= Beginning of Section =

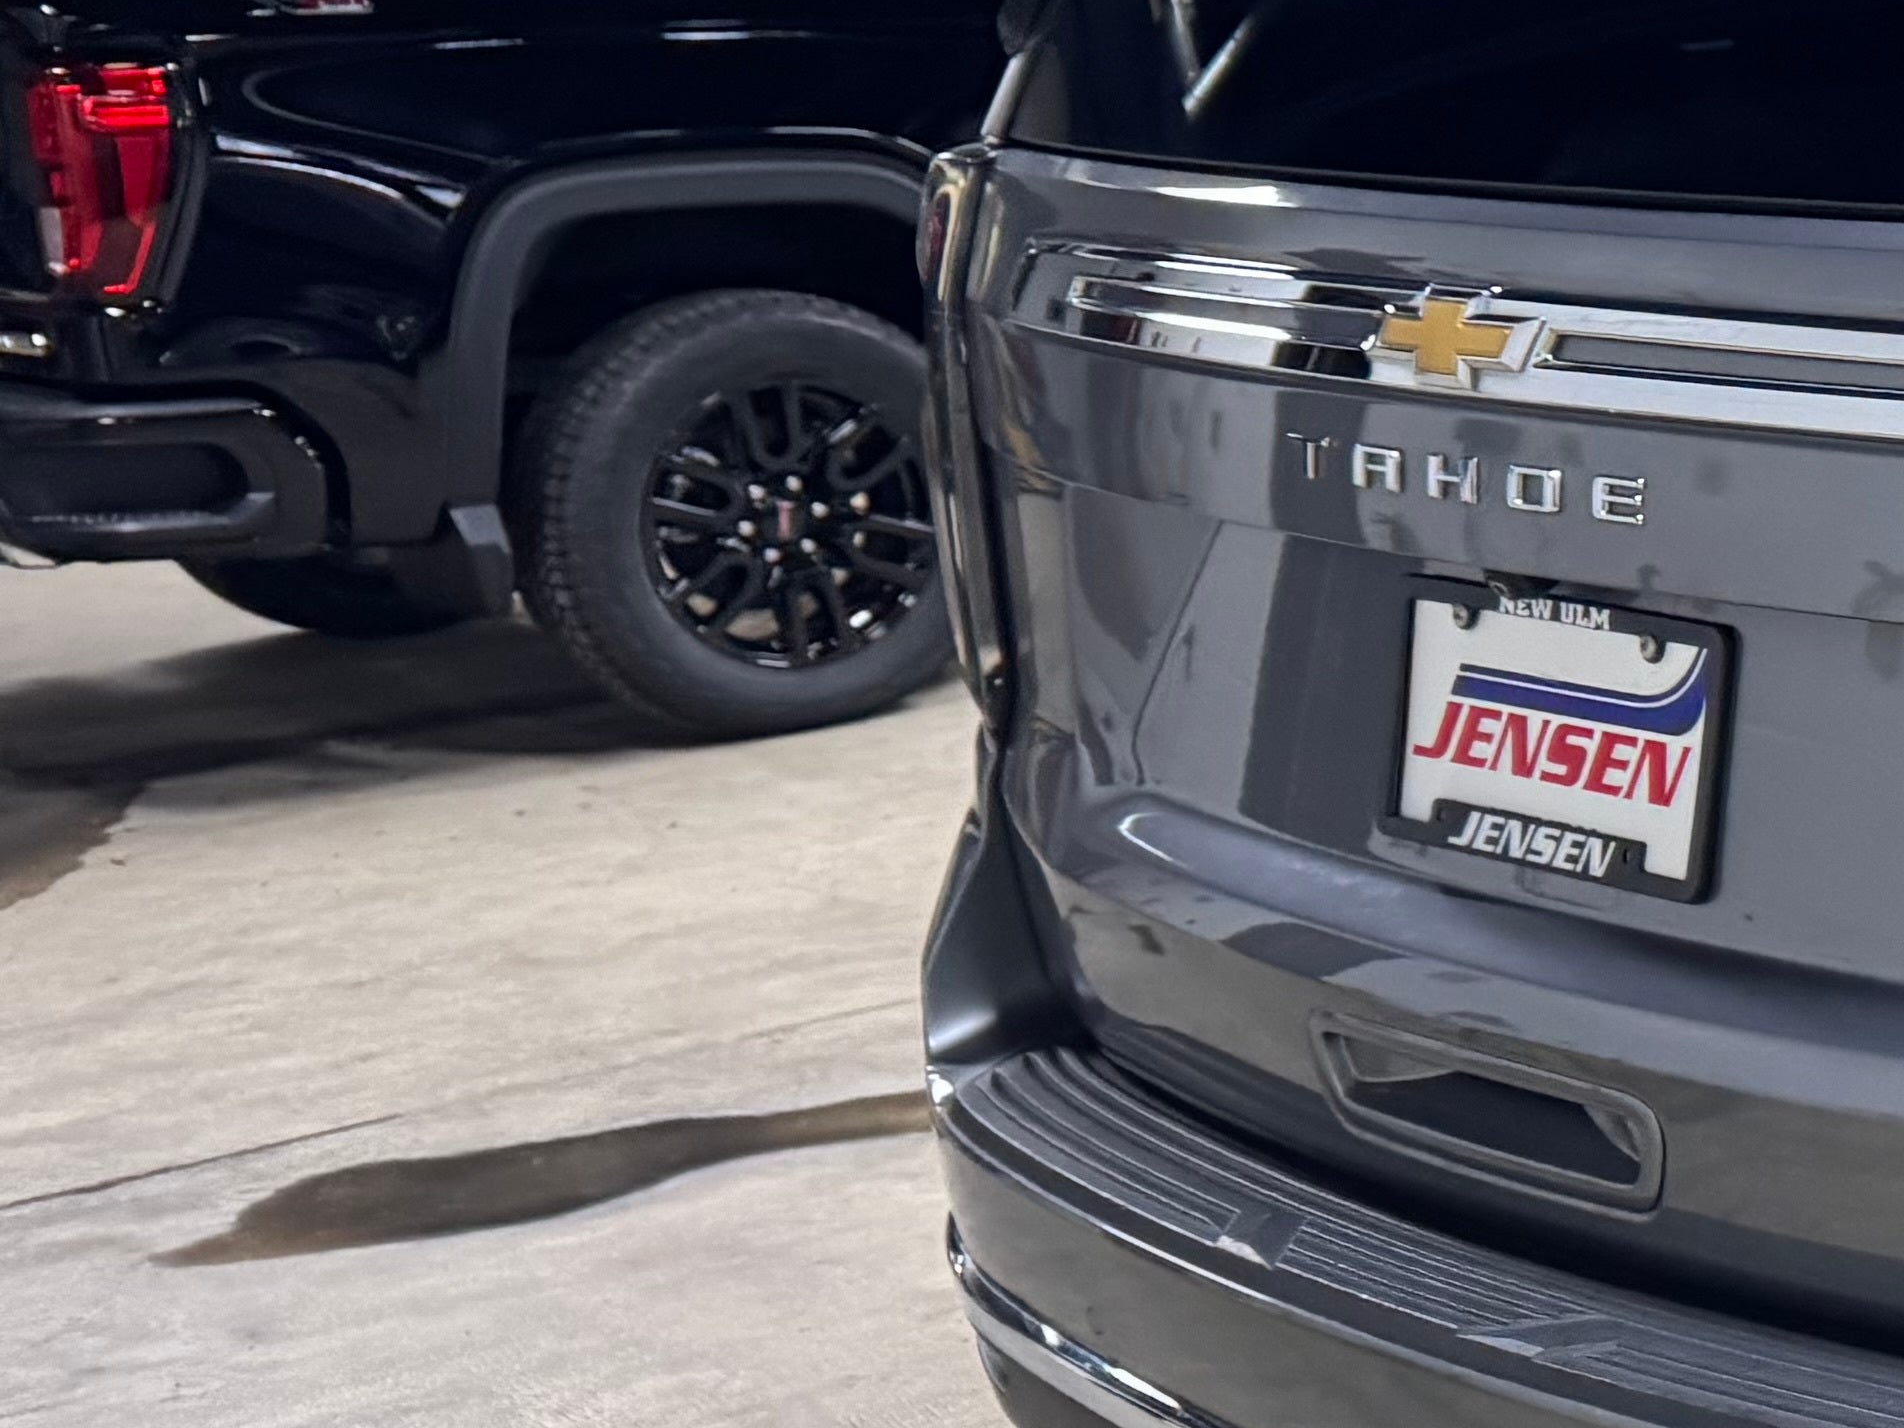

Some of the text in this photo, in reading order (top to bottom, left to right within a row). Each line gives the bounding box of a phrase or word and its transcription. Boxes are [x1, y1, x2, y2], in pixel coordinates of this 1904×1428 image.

[1285, 431, 1645, 525] TAHOE
[1499, 596, 1611, 631] NEW ULM
[1412, 700, 1692, 808] JENSEN
[1447, 810, 1616, 878] JENSEN
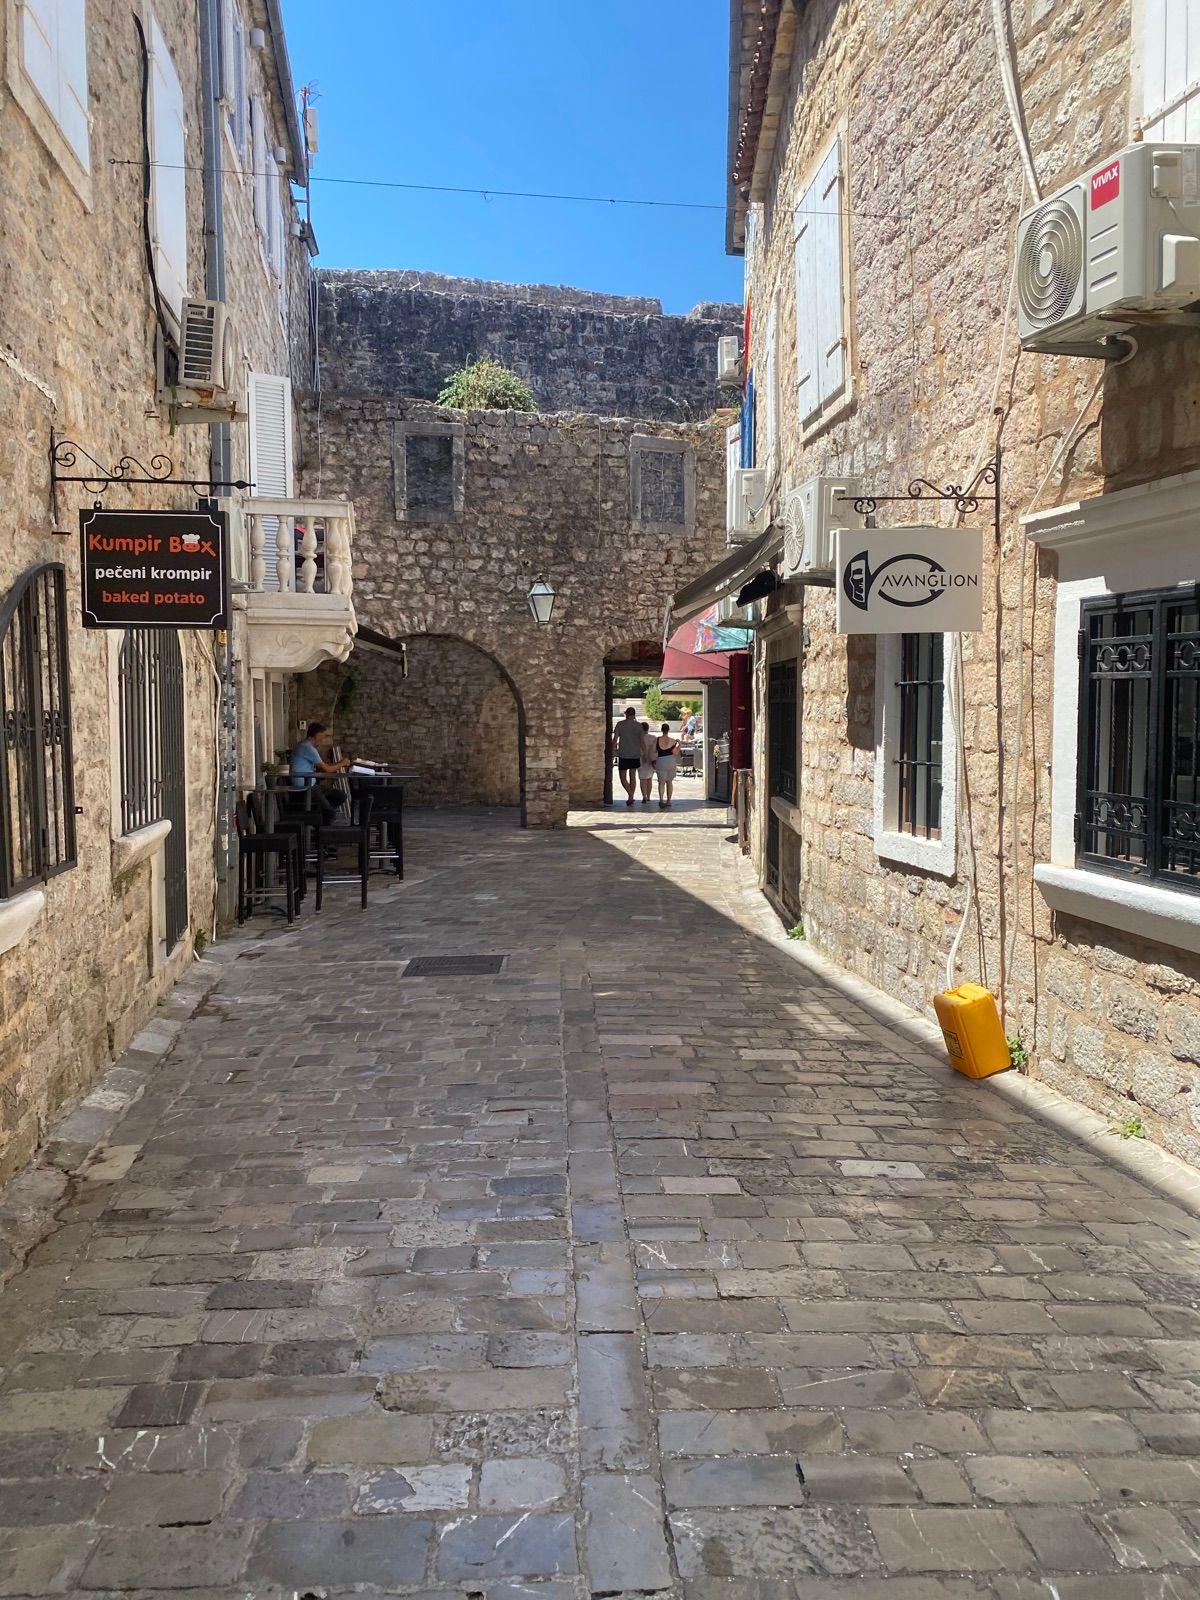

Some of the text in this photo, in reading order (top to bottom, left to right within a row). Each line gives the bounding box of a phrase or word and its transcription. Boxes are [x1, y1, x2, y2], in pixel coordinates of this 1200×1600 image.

[1092, 165, 1118, 190] VIVAX
[89, 534, 162, 556] Kumpir
[95, 565, 212, 582] pečeni krompir
[881, 574, 978, 588] AVANGLION
[102, 590, 205, 606] baked potato
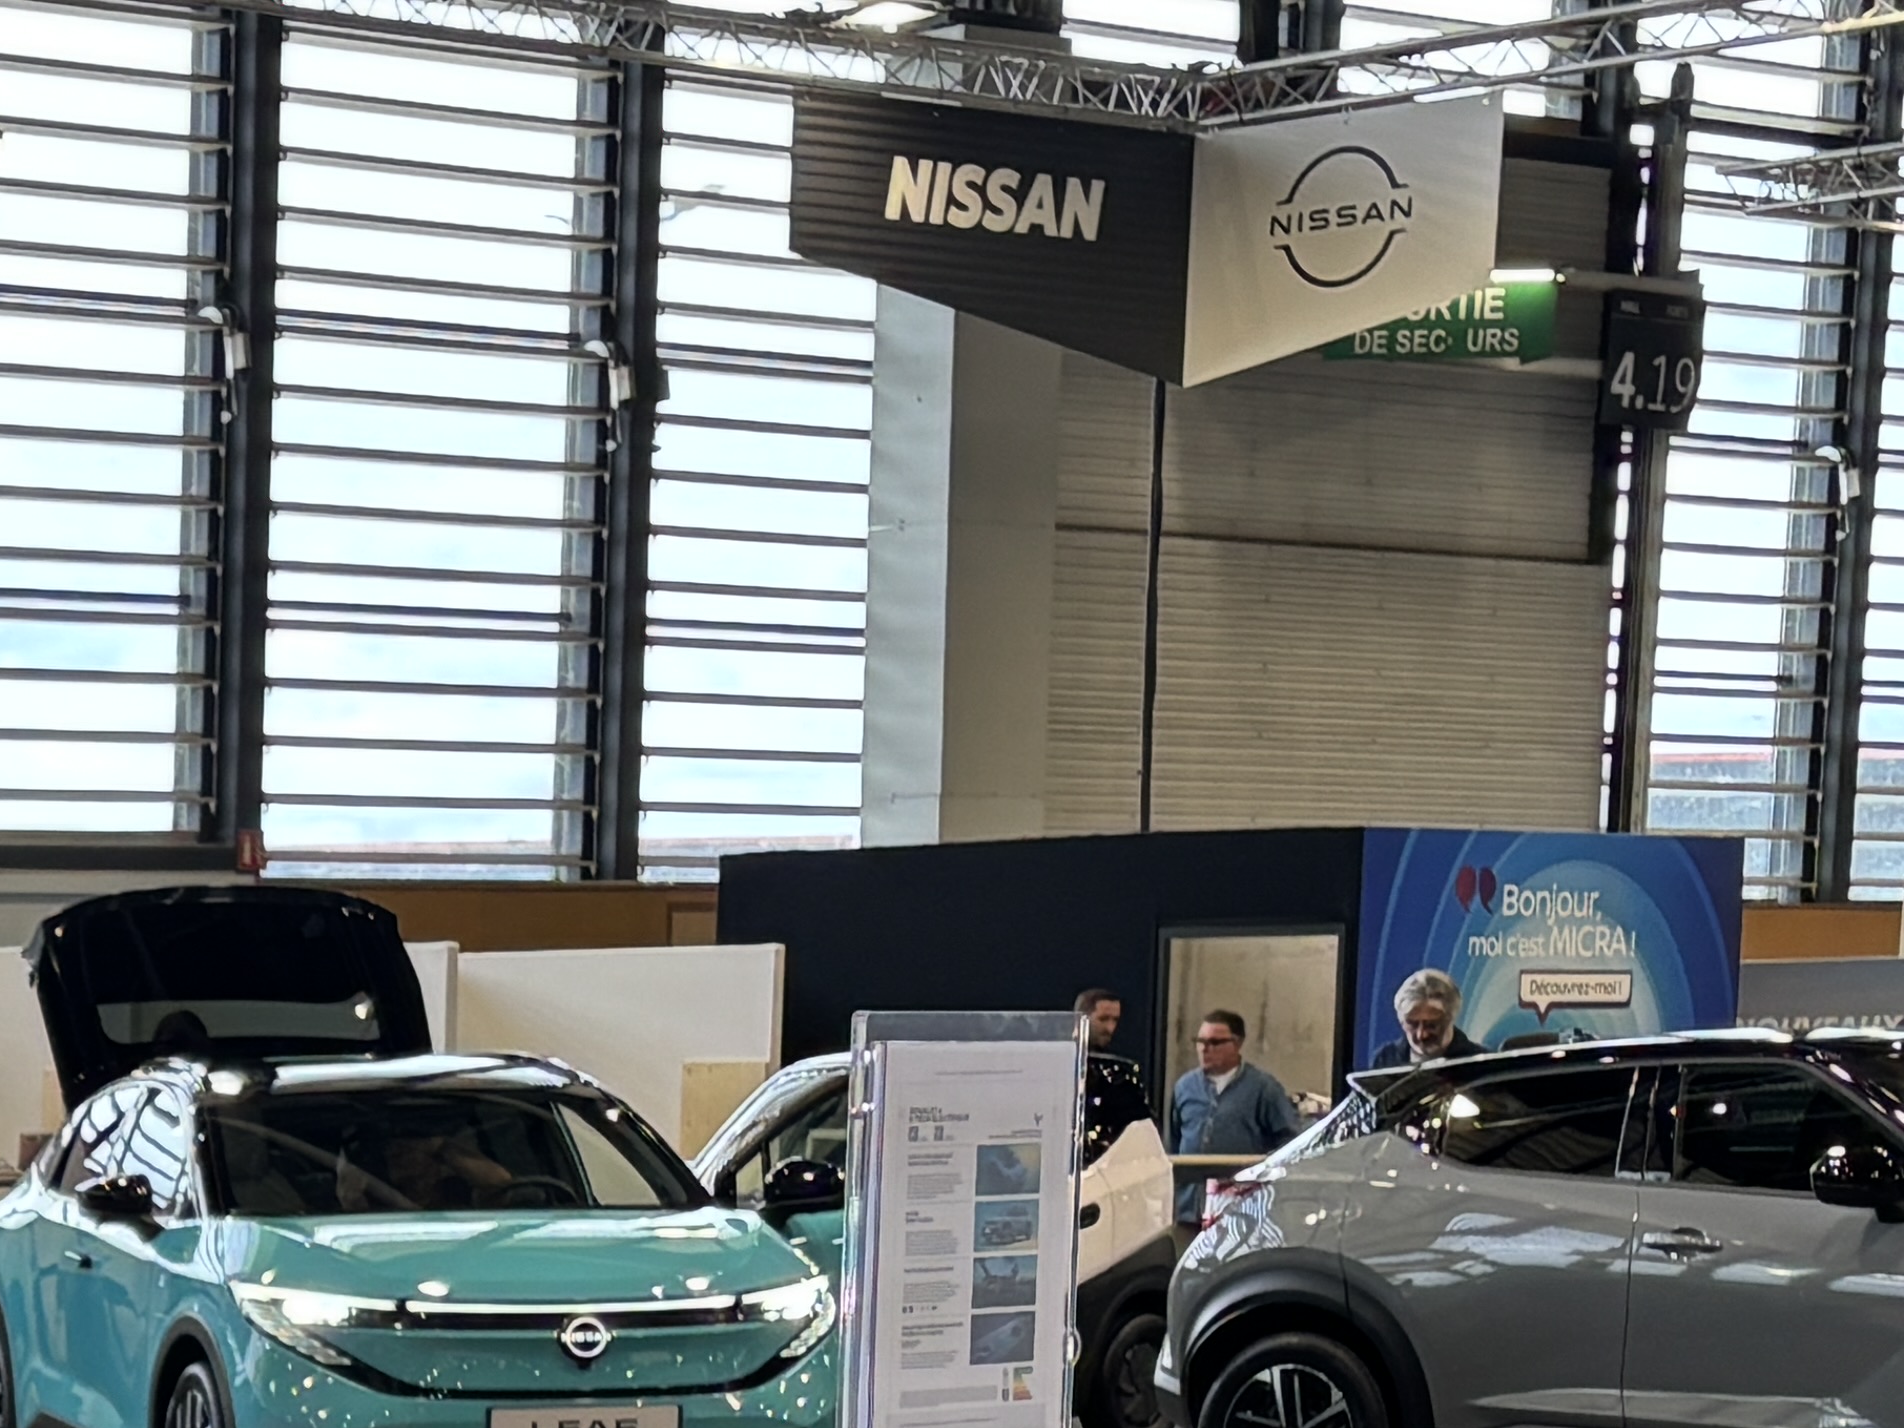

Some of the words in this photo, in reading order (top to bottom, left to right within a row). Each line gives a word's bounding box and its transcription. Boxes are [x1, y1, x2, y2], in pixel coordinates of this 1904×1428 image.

= End of Section =

§ **What you should do**:
All lines from the one that contains "this 1200×1600 image." through the last line of the data should be retyped exactly, with the pictures left out.

§ **Result**:
Some of the text in this photo, in reading order (top to bottom, left to right within a row). Each line gives the bounding box of a phrase or word and its transcription. Boxes are [x1, y1, x2, y2], in pixel coordinates of this 1200×1600 image.

[1092, 165, 1118, 190] VIVAX
[89, 534, 162, 556] Kumpir
[95, 565, 212, 582] pečeni krompir
[881, 574, 978, 588] AVANGLION
[102, 590, 205, 606] baked potato

Some of the words in this photo, in reading order (top to bottom, left to right within a row). Each line gives a word's bounding box and its transcription. Boxes are [x1, y1, x2, y2], in pixel coordinates of this 1904×1428 image.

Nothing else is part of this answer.